Data excerpts Start Marker

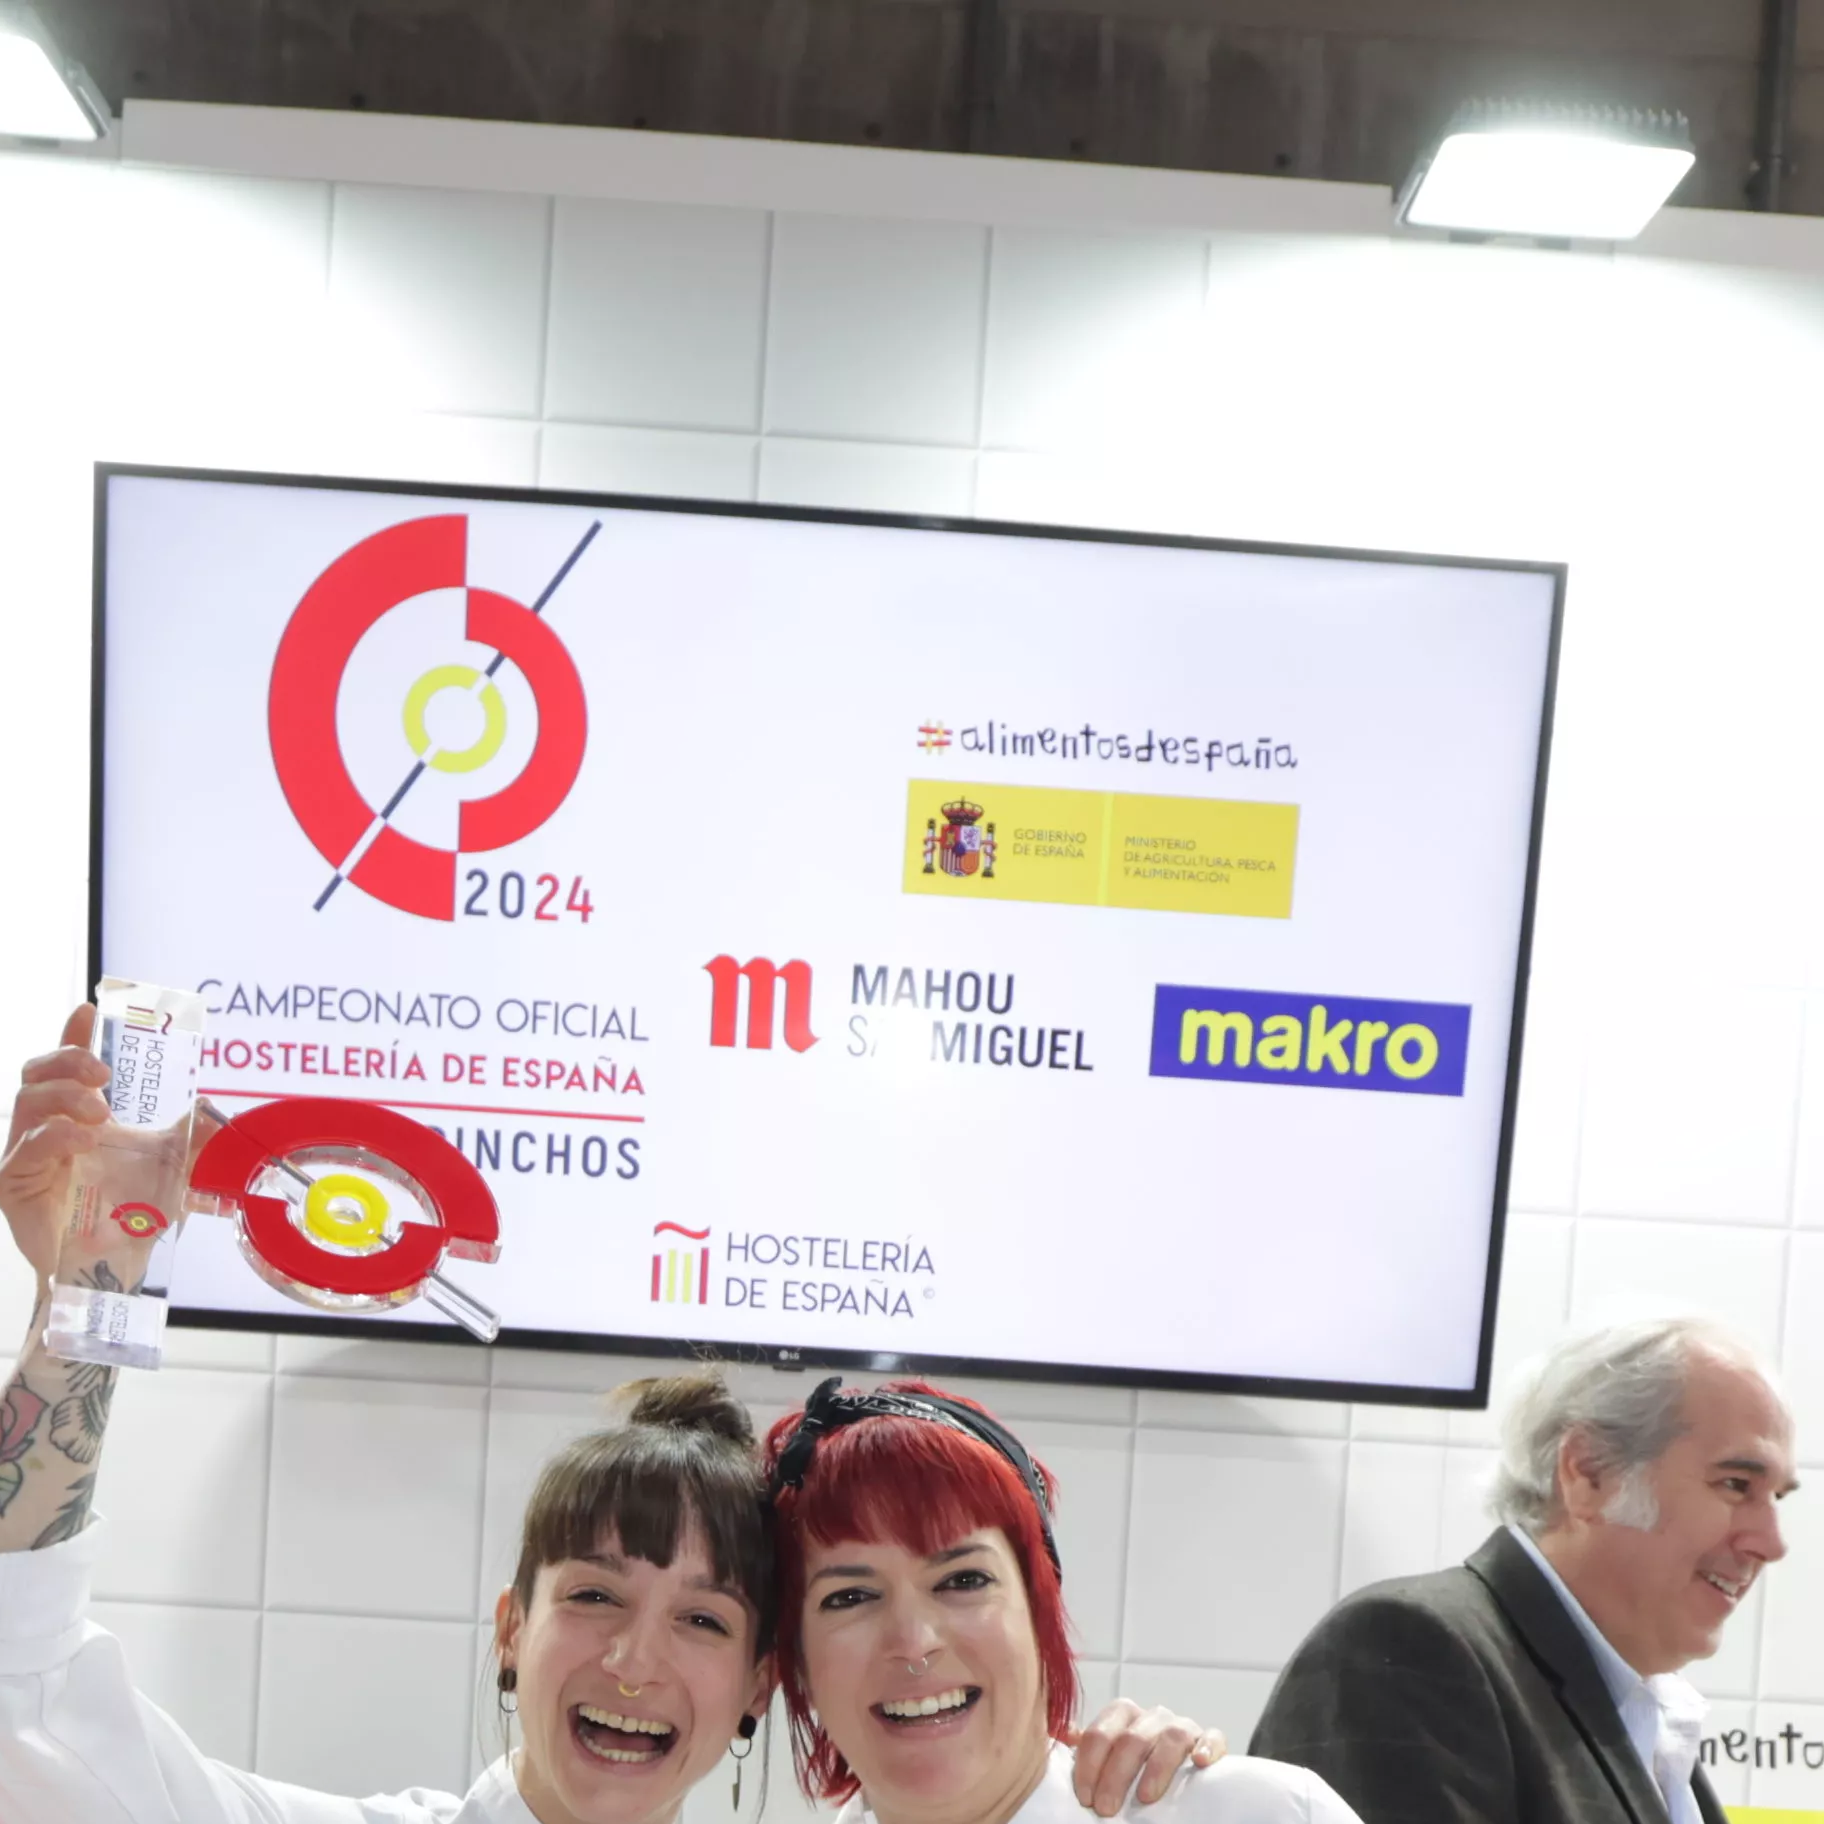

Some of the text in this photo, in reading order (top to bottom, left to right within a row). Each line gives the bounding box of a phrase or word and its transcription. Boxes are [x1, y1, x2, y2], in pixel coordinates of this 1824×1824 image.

[1013, 843, 1084, 858] DE ESPAÑA
[1014, 829, 1086, 844] GOBIERNO
[1125, 837, 1196, 850] MINISTERIO
[1124, 851, 1144, 862] DE
[1238, 859, 1276, 871] PESCA
[1133, 868, 1230, 883] ALIMENTACIÓN
[465, 869, 594, 923] 2024
[197, 979, 649, 1040] CAMPEONATO OFICIAL
[851, 964, 1014, 1014] MAHOU
[120, 1034, 140, 1054] DE
[847, 1014, 1093, 1071] SMIGUEL
[1181, 1006, 1437, 1080] makro
[199, 1039, 645, 1094] HOSTELERÍA DE ESPAÑA
[427, 1125, 640, 1179] INCHOS
[726, 1233, 935, 1276] HOSTELERÍA
[725, 1277, 914, 1318] DE ESPAÑA
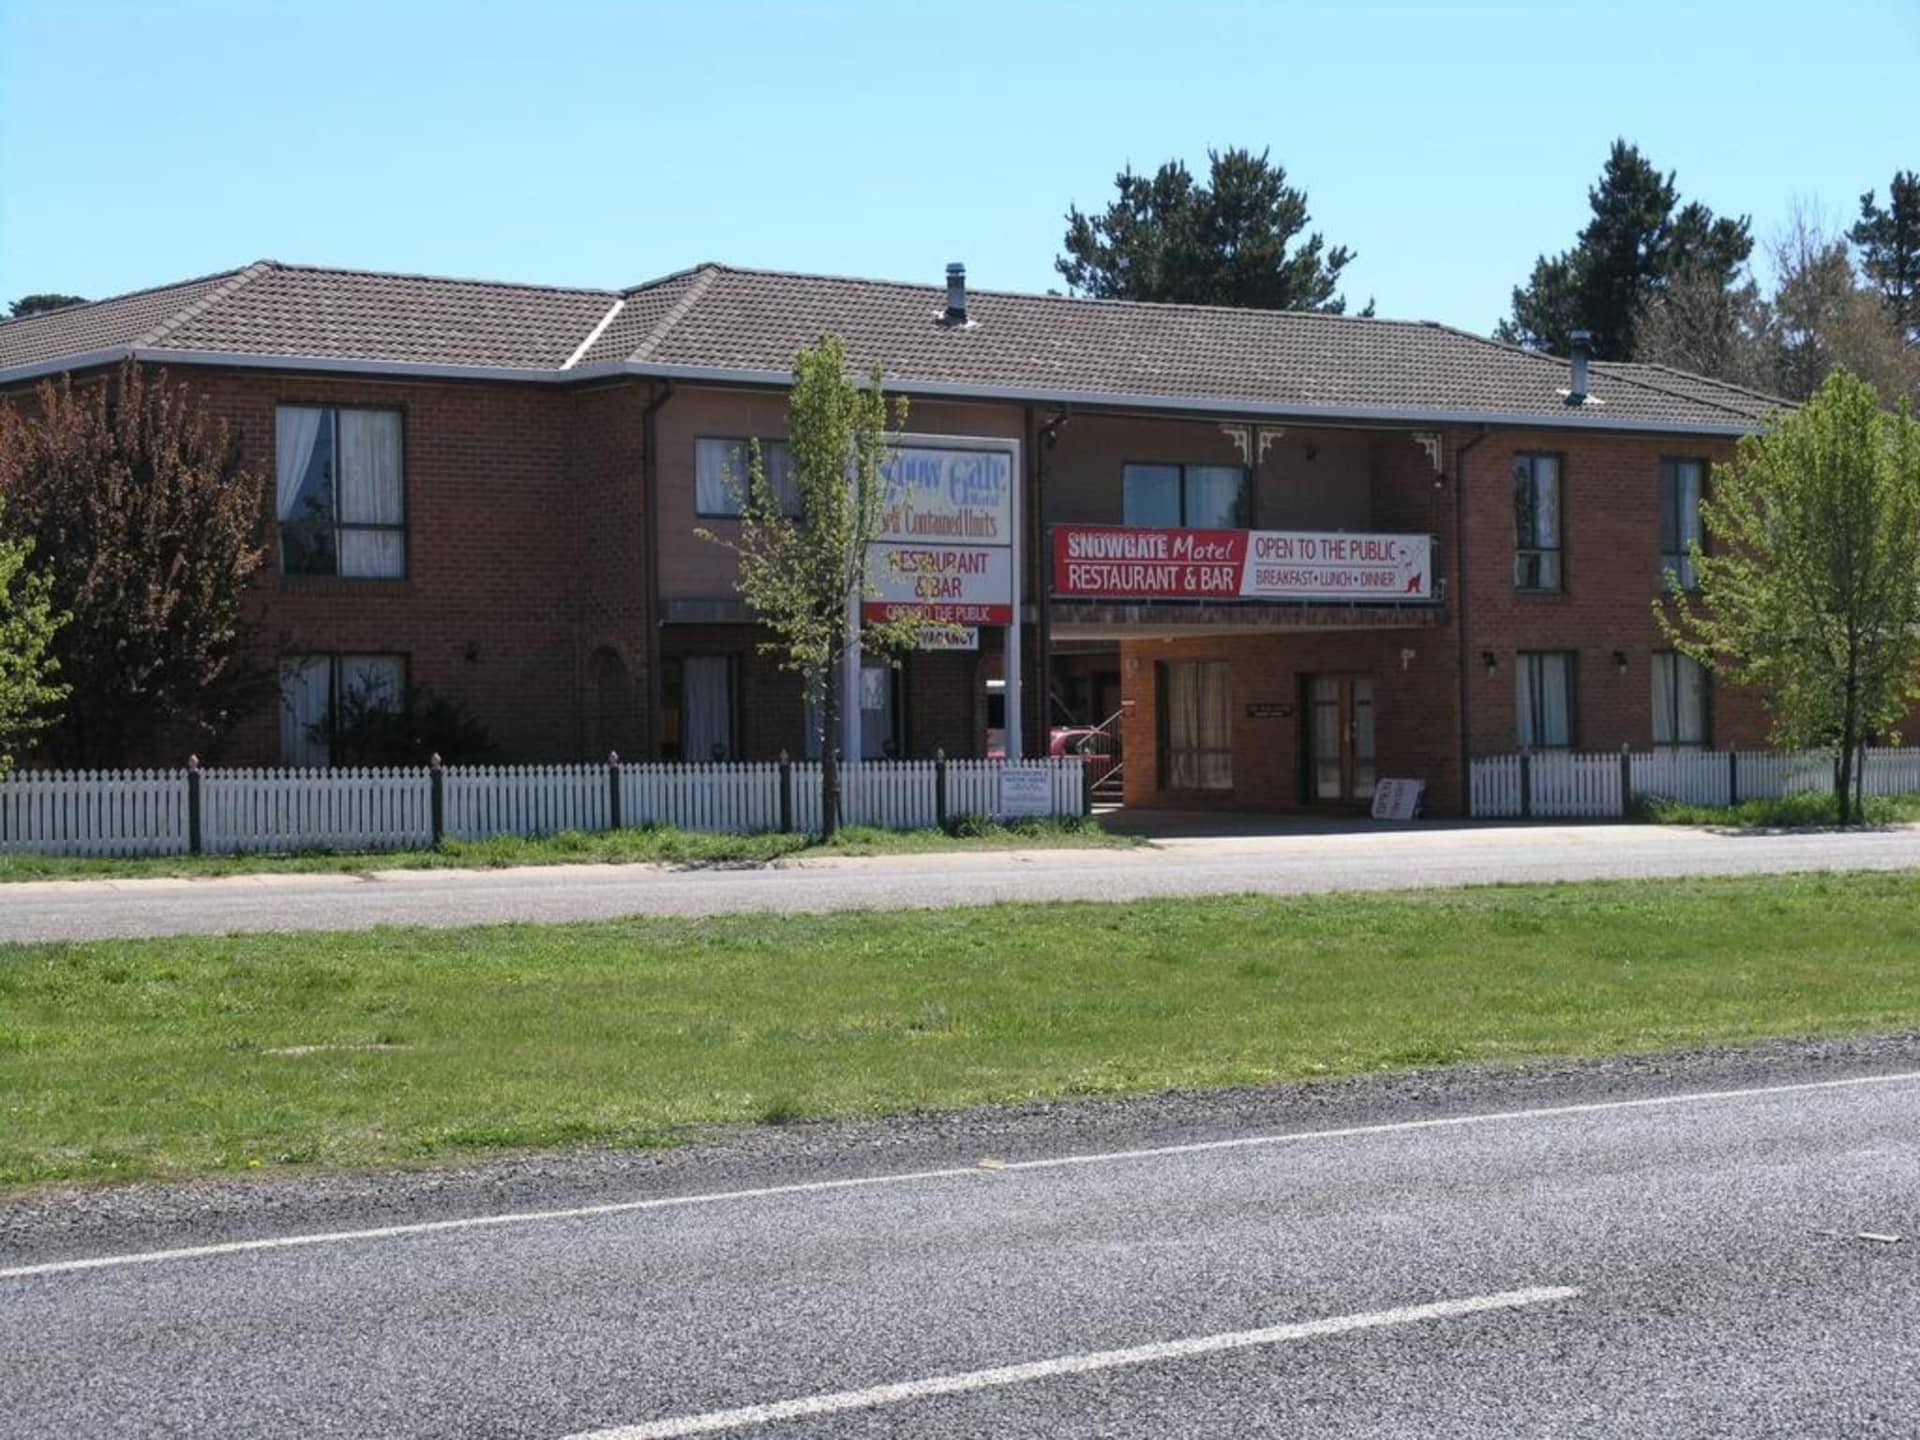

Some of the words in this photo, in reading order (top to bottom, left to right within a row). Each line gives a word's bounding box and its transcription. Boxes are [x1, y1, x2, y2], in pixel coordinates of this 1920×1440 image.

[904, 508, 962, 536] Contained
[964, 508, 998, 537] Units
[1068, 532, 1169, 559] SNOWGATE
[1172, 535, 1234, 562] Motel
[1255, 537, 1293, 559] OPEN
[1297, 539, 1317, 560] TO
[1320, 540, 1346, 560] THE
[1350, 540, 1397, 561] PUBLIC
[931, 577, 962, 598] BAR
[1068, 564, 1180, 590] RESTAURANT
[1184, 566, 1197, 591] &
[1201, 566, 1233, 591] BAR
[1256, 570, 1314, 587] BREAKFAST
[1320, 572, 1353, 588] LUNCH
[1360, 572, 1396, 588] DINNER
[956, 606, 991, 621] PUBLIC

Data excerpts End Marker

When you copy the records above, keep every word exact and leave out the pictures they contain.

Answer box:
Some of the text in this photo, in reading order (top to bottom, left to right within a row). Each line gives the bounding box of a phrase or word and its transcription. Boxes are [x1, y1, x2, y2], in pixel coordinates of this 1824×1824 image.

[1013, 843, 1084, 858] DE ESPAÑA
[1014, 829, 1086, 844] GOBIERNO
[1125, 837, 1196, 850] MINISTERIO
[1124, 851, 1144, 862] DE
[1238, 859, 1276, 871] PESCA
[1133, 868, 1230, 883] ALIMENTACIÓN
[465, 869, 594, 923] 2024
[197, 979, 649, 1040] CAMPEONATO OFICIAL
[851, 964, 1014, 1014] MAHOU
[120, 1034, 140, 1054] DE
[847, 1014, 1093, 1071] SMIGUEL
[1181, 1006, 1437, 1080] makro
[199, 1039, 645, 1094] HOSTELERÍA DE ESPAÑA
[427, 1125, 640, 1179] INCHOS
[726, 1233, 935, 1276] HOSTELERÍA
[725, 1277, 914, 1318] DE ESPAÑA

Some of the words in this photo, in reading order (top to bottom, left to right within a row). Each line gives a word's bounding box and its transcription. Boxes are [x1, y1, x2, y2], in pixel coordinates of this 1920×1440 image.

[904, 508, 962, 536] Contained
[964, 508, 998, 537] Units
[1068, 532, 1169, 559] SNOWGATE
[1172, 535, 1234, 562] Motel
[1255, 537, 1293, 559] OPEN
[1297, 539, 1317, 560] TO
[1320, 540, 1346, 560] THE
[1350, 540, 1397, 561] PUBLIC
[931, 577, 962, 598] BAR
[1068, 564, 1180, 590] RESTAURANT
[1184, 566, 1197, 591] &
[1201, 566, 1233, 591] BAR
[1256, 570, 1314, 587] BREAKFAST
[1320, 572, 1353, 588] LUNCH
[1360, 572, 1396, 588] DINNER
[956, 606, 991, 621] PUBLIC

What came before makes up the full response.